Cam’s gut clenched for the second time at the reminder he’d had no idea Jeff had served in the military, let alone in a combat unit. As Cam tried to think back to the past few years and whether he’d simply forgotten that piece of information, Bob Wingate’s accusations pushed front and center. You should have reached out to him.
“Angela came into the office last week for her annual checkup. She had bruises on her arms and legs. When I asked why, she said Jeff had been suffering from more combat nightmares than usual. He thrashed around a lot at night and she bore the brunt of it.”
Cam felt himself nodding. Those types of flashbacks were so real he woke covered in sweat, his throat raw from heat and sand, feeling like he’d been in the desert fighting for his life.
“Was Angela concerned for her safety?” the sheriff asked.
Doc Monroe shook her head. “She swore she knew how to handle it. Handle him. I had no reason not to believe her or I would’ve suggested she stay someplace safer.” She drained the vodka shot. “I see abused women in my practice far too often. I never would’ve put Angela in that category.”
“Can you back up?” Cam said. “Bob Wingate said something to me earlier, and you just confirmed it, but I had no idea Jeff was a combat vet.”
“Me neither,” Sheriff Shortbull added. “And I’ve bowled with Jeff the last few years.”
“My understanding is he was a supply clerk in the National Guard. His unit, based out of Laramie, where he joined during college, got called for Operation Iraqi Freedom. They saw the worst of the initial resistance. Jeff was stationed over there about… a year, I guess.” Doc Monroe looked at Cam. “You weren’t around then.”
“Because I was also in Iraq.”
“Angela said he wouldn’t speak of that time.
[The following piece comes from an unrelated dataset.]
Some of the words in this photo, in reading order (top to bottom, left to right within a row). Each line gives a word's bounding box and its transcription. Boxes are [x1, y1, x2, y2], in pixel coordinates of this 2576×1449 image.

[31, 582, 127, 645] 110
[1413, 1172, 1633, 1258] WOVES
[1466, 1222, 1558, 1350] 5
Like it’d never happened. As soon as he’d fulfilled his enlistment requirements, he moved back to Sundance from Laramie. She knew he’d been diagnosed with PTSD, but his family had no idea. He refused counseling or medication. And ninety-nine percent of the time he was fine.”
But that unstable one percent was the unknown—and in this case, a real killer.
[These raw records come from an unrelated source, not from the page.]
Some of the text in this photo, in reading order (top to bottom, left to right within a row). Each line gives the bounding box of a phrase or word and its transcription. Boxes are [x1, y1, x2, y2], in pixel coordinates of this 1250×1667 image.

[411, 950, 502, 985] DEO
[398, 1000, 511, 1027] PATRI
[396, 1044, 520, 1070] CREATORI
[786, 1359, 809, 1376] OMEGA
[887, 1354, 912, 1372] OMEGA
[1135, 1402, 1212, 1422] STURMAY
Cam ordered another round for himself. Much like Jeff, he didn’t talk to his family about being a combat survivor. If he hadn’t needed his prosthesis checked twice a year, he’d probably never step foot in the VA. After he’d lost his leg, part of his hand, and received an honorable medical discharge, he’d cut himself off from everyone in his former military life except for a couple guys from his unit.
“I don’t mean to be gross, but Jeff really… offed himself with a chainsaw?” Doc Monroe asked.
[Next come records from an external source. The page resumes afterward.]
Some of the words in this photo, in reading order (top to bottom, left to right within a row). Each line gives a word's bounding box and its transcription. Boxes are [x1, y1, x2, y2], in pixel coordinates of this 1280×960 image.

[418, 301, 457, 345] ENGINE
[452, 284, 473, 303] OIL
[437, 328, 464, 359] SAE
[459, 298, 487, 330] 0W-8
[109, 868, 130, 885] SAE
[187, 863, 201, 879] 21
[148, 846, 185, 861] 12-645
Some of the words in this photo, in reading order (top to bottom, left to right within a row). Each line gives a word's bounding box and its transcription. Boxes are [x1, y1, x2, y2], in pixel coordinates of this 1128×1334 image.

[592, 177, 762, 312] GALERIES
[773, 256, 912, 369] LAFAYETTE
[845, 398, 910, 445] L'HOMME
The sheriff nodded. “The modern day method of falling on his sword. Except he turned it on and…” He drained his beer. “Evidently, it was an older model with no safeguards. It stayed on and kept cutting through everything in its path until it ran out of gas.”
Both the sheriff and Cam shuddered at the gruesome mental image of the carnage left in the wake of a runaway chainsaw.
Doc Monroe polished off her second martini. “I’m not a detective, but do any of the pieces fit together yet?”
“More now than they did before you joined us. So thanks, Doc. I’ll have to add the supposition to my report.”
“The supposition being…” She paused and then said, “That Angela must’ve startled Jeff during one of his combat nightmares and he emptied his handgun into her. When he realized what he’d done, he killed himself in a manner which he knew he wouldn’t survive.”
“That’s probably as close to the truth as we’ll ever get,” Cam said. “No one will ever really know what went on.”
She looked at them, her brow furrowed, and Cam knew she’d gone back into doctor mode. “But it’s not like either of you can easily forget it. Since you have access to a top-notch counselor through the sheriff’s office, I recommend you both take advantage of it. This has the potential to haunt you and affect your job.”